A big news is coming out from America amidst Iran Israel War. Due to increase in crude oil prices and increase in inflation due to war, the US Central Bank Federal Reserve may postpone any cut in interest rates. Policy makers and experts believe that the war has created turmoil in the markets and recent economic data has started showing signs of weakness. The Fed begins its two-day meeting on Tuesday, and will announce the benchmark lending rate in the world’s largest economy a day later.
The Central Bank had reduced the rates three times in a row last year, after which it kept them stable in the January meeting. Its objective is twofold: to keep inflation close to the long-term target of two percent and at the same time ensure maximum employment. Global oil prices are rising rapidly due to the war in the Middle East, which could increase overall inflation and hinder growth; In such a situation, analysts say that there is little possibility of policy makers taking any steps now.
possibility of inflation increasing
Gregory Daco, chief economist at EY-Parthenon, told AFP that this is certainly a difficult time for the Fed, because it is very difficult to deal with supply shocks; These increase inflation and reduce production. Affordability is a key political issue for President Donald Trump; He has claimed that prices are coming down, while consumers are complaining about high prices of basic goods.
Trump has repeatedly insulted Fed Chairman Jerome Powell. Additionally, the Justice Department had also threatened to bring criminal charges against Powell as part of an investigation into cost overruns at a Fed renovation project. Although consumer inflation has declined from a high of 9.1 percent during the Covid pandemic, it still remains well above the Fed’s target of two percent.
KPMG chief economist Diane Swonk said that unlike other countries, which have already achieved some degree of price stability, we have not been able to achieve price stability even after five years. He warned that depending on how long the Iran war lasts, inflation could again rise above four percent. Dako said that I think the main thing here is that we are seeing that inflation is moving away from the Fed’s two percent target, and because of this, many of the Fed’s policy makers may take an even more stringent stance.
dual purpose
However, raising rates to cool the economy could put the Fed in conflict with its other objective: controlling unemployment. According to government data, 92,000 jobs were lost in America in February, contrary to expectations, while the unemployment rate increased to 4.4 percent. Experts say that the stability seen in the unemployment rate is actually hiding the turmoil going on beneath the surface.
The demand for labor is decreasing, but unemployment has not suddenly increased, because along with this, the supply of labor has also decreased due to Trump’s strict immigration policies.
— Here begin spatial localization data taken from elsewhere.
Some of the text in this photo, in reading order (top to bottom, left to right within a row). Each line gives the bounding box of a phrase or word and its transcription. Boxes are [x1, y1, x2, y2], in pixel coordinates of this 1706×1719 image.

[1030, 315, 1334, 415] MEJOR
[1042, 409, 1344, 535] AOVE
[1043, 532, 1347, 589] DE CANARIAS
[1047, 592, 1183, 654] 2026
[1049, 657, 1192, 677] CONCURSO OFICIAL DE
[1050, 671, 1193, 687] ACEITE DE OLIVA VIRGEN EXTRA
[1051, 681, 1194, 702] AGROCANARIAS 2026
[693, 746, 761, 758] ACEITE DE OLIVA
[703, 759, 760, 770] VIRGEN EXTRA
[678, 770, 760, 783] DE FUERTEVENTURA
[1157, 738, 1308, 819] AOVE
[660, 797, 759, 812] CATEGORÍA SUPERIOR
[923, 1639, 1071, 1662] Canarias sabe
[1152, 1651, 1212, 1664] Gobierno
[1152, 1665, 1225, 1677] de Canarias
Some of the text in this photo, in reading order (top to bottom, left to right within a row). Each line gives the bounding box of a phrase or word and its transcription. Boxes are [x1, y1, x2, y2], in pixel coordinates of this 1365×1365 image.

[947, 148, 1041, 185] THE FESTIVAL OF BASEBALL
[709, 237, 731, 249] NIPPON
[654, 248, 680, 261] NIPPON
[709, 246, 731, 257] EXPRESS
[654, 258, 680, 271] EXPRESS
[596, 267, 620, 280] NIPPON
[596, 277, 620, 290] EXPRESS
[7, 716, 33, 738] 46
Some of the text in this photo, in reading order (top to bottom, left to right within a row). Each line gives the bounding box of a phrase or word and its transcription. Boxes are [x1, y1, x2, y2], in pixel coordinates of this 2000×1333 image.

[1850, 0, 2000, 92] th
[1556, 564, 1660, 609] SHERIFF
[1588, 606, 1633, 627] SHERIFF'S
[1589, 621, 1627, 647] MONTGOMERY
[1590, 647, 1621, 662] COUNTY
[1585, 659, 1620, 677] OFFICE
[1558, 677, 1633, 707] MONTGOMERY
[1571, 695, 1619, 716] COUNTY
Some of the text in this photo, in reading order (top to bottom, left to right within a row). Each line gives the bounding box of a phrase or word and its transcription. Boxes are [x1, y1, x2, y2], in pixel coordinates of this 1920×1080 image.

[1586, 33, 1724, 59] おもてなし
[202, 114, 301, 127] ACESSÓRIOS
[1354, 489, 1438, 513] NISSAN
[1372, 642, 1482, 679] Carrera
Dako said labor demand indicators are showing worrying signs, including low hiring rates at “the lowest level in a decade,” slow wage growth and business leaders talking about AI replacing the workforce.
Swonk said the growing uncertainty over the war in Iran and its consequences will further reduce labor demand. He said that uncertainty acts like a kind of tax on the economy, and the first step companies take as a defense is to stop hiring. And the latest data ahead of the Fed meeting is also not encouraging; The US GDP growth forecast in the last months of 2025 has been significantly reduced.
‘Between death and the devil’
However, some Fed policymakers have been cautious when talking about potential inflationary shocks from the war. Fed Governor Christopher Waller expressed sympathy for consumers facing rising gasoline prices on Bloomberg TV last week. He said that but for us, who are thinking about future policies, it is unlikely that this will lead to inflation for a long time.
However, Swonk warned that any economic downturn caused by the war could be difficult to recover from immediately. “I think people are underestimating the risk of long-term effects of the war,” he said, adding that supply disruptions don’t just impact oil prices.
Regarding policymakers trying to balance inflation and unemployment, Swonk said there is no doubt that they are stuck in a ‘well in front, ditch in back’ situation, and now this situation has become even more difficult. However, according to Daco, the uncertainty means the Fed is more likely to keep interest rates steady “for a long time.”
Traders have begun to reduce their expectations of an interest rate cut, and Swonk said that raising interest rates could also be an option. He said that this is not a one-way street. We are standing at a busy intersection, and the traffic light there has broken down.